“The doors of decision are one-way only. You can never go back. I’ll never be the same person again.”
Ben Solomon, a survivor of the Nazi invasion of Poland, is watching TV one day in his older years and sees a face he could never forget. The man who lived with his family and then turned his back on them is alive and well and living in Chicago, a pillar of the community. Ben decides to confront the man he knows as Otto, but is known to all of Chicago as Elliot Rosenzweig, only to have Elliot adamantly deny that he is Otto. In fact, he is himself a survivor of Auschwitz and has a tattoo to prove it. However, Ben has people who believe his story – why would he lie?
I love historical fiction and ran across this book in a sale aisle of a bookstore. I bought it and added it to my to-read pile. I then chose it for the May Online Book Club book. I have to say I am very glad to have come across this book.
Ben’s case is presented to a lawyer, Catherine, who agrees to hear out his story and then decide if any case can be made against Elliott. Otto, a German, lived with Ben’s family, Polish Jews, before the war started. To save his life, he finally left their family to work for the Germans in the hopes of helping Ben’s family. Ben claims Otto was given some of his family’s property and never returned it to them, but used it to create the insurance businesses he now owns. As Catherine hears his story, she begins to believe him, but they have to find evidence to prove Elliott is Otto and time is running out. Justice comes at a price and Catherine also has to decide if she’s willing to pay it. The story is about love, family, loyalty, corruption and justice.
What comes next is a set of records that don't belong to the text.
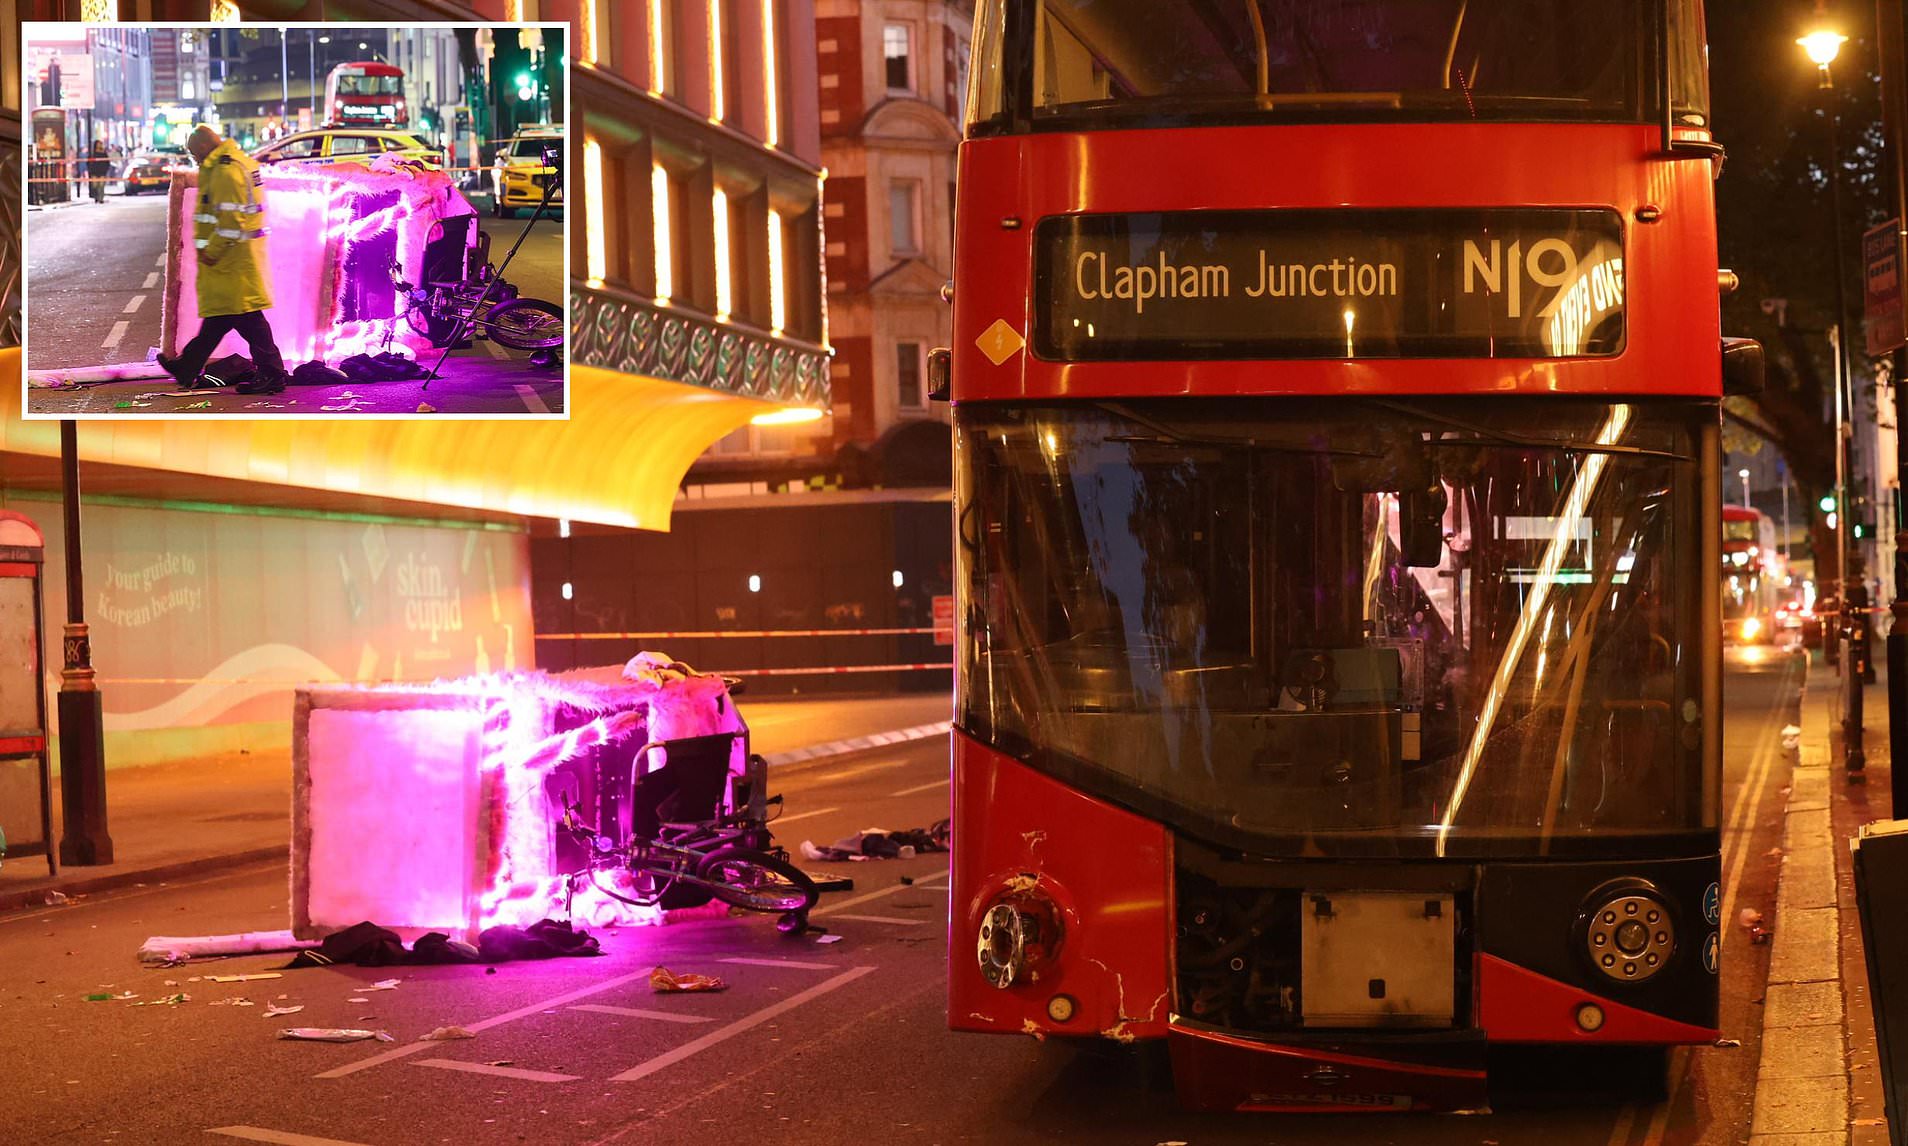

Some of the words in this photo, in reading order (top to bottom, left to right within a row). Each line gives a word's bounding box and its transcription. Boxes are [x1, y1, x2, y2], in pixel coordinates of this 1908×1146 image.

[1075, 250, 1230, 314] Clapham
[1245, 249, 1397, 298] Junction
[1463, 237, 1578, 318] N19
[143, 551, 181, 593] guide
[182, 553, 196, 576] to
[97, 592, 151, 627] Korean
[151, 586, 202, 613] beauty!
[405, 585, 463, 643] cupid
Lovers of historical fiction will really enjoy this book. I was captivated by the story and got through the book rather quickly. At some points it was hard not to look ahead to find out how it was going to end. There are a few parts where the characters talk about WWII in very factual ways that don’t seem like real conversations, but the details do add to the story. The book is for adults as it deals with some hard situations with Nazis and WWII.